On the same date, Starr also sued the Federal Reserve Bank of New York, which provided the initial $85 billion in aid to AIG in September 2008. That suit is pending in Federal District Court for the Southern District of New York in Manhattan.
That suit argues that other troubled banks were offered better terms than AIG in a “backdoor bailout.”
It charged that the Fed's government aid, starting Sept. 16, 2008 in return for 79.9 percent of AIG's stock, is an unconstitutional “taking” of property.
The amended complaint filed by Starr on behalf of Greenberg and others says that during the financial crisis, the government in a number of cases provided guarantees and access to federal funds.
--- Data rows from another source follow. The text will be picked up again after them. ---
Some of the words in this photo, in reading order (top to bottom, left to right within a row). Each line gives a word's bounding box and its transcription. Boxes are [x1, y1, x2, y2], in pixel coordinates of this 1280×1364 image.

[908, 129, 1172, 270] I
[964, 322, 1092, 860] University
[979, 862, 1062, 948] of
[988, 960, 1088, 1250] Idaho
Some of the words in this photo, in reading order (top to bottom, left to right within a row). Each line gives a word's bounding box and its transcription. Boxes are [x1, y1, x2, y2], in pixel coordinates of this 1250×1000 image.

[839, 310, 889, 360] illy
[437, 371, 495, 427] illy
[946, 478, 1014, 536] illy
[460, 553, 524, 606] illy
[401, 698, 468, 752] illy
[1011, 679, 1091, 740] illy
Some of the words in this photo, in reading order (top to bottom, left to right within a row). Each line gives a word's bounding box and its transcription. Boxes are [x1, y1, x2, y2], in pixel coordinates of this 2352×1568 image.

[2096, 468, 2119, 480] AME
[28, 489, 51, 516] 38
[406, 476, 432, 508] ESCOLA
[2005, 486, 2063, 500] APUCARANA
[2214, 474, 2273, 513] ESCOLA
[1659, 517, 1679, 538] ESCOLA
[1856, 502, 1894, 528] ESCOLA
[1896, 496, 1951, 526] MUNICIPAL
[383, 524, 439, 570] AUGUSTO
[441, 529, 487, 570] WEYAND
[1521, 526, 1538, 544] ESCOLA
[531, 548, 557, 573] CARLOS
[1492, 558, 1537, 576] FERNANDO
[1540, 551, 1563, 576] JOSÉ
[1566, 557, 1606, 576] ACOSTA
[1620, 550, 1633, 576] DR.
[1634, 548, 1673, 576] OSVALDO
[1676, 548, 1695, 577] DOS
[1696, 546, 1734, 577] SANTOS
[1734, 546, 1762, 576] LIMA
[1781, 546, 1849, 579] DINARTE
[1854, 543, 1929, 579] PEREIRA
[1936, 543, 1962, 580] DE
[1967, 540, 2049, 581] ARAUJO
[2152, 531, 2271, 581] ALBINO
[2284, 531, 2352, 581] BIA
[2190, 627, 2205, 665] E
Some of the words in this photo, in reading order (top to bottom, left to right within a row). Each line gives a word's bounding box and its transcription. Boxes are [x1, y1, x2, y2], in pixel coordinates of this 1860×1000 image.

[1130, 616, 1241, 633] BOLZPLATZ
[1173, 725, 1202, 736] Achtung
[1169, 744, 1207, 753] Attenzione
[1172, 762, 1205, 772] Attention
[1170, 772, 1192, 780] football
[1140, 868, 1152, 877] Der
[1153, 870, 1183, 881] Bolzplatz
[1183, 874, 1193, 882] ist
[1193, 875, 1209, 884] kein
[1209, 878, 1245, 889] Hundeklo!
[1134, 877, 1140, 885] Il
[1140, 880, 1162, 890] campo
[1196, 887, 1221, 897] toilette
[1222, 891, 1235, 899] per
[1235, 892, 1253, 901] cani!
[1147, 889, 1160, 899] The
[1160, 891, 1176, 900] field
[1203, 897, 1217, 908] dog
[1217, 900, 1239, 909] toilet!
The complaint says that “AIG was a particularly good candidate for such liquidity support because its assets substantially exceeded its liabilities; its problem was not one of solvency but of temporary liquidity.”
In addition, the complaint says, “a bankruptcy filing by AIG would have severely worsened the finances of many other financial institutions.”
The complaint also alleges that “rather than providing AIG with the liquidity support offered to comparable firms,” the government in September 2008 “took control of AIG away from its shareholders by becoming a controlling lender and a controlling shareholder.”
The revised complaint adds, “This was the first in a series of steps that, after taking into account subsequent government acquisitions, eventually resulted in the government acquiring over 90 percent of such shareholders' equity, of which 562,868,096 shares of AIG common stock were taken without just compensation.”
At its peak, the government provided $182 billion through TARP and other bailout programs—and provided AIG with another $25 billion at one point through a special, secret Fed program not disclosed until Bloomberg News won a court order last year requiring the Fed to disclose the special lending program.
In 2009, William K. Sjostrom Jr.—now a professor of law at the James E. Rogers College of Law at the University of Arizona—published in the Washington & Lee Law Review an analysis of AIG's problems.
By Sjostrom's calculations, AIG's fall stemmed from a staggering $32.4 billion in losses racked up by AIG's Financial Products unit. These losses were almost entirely from credit-default-swap activities.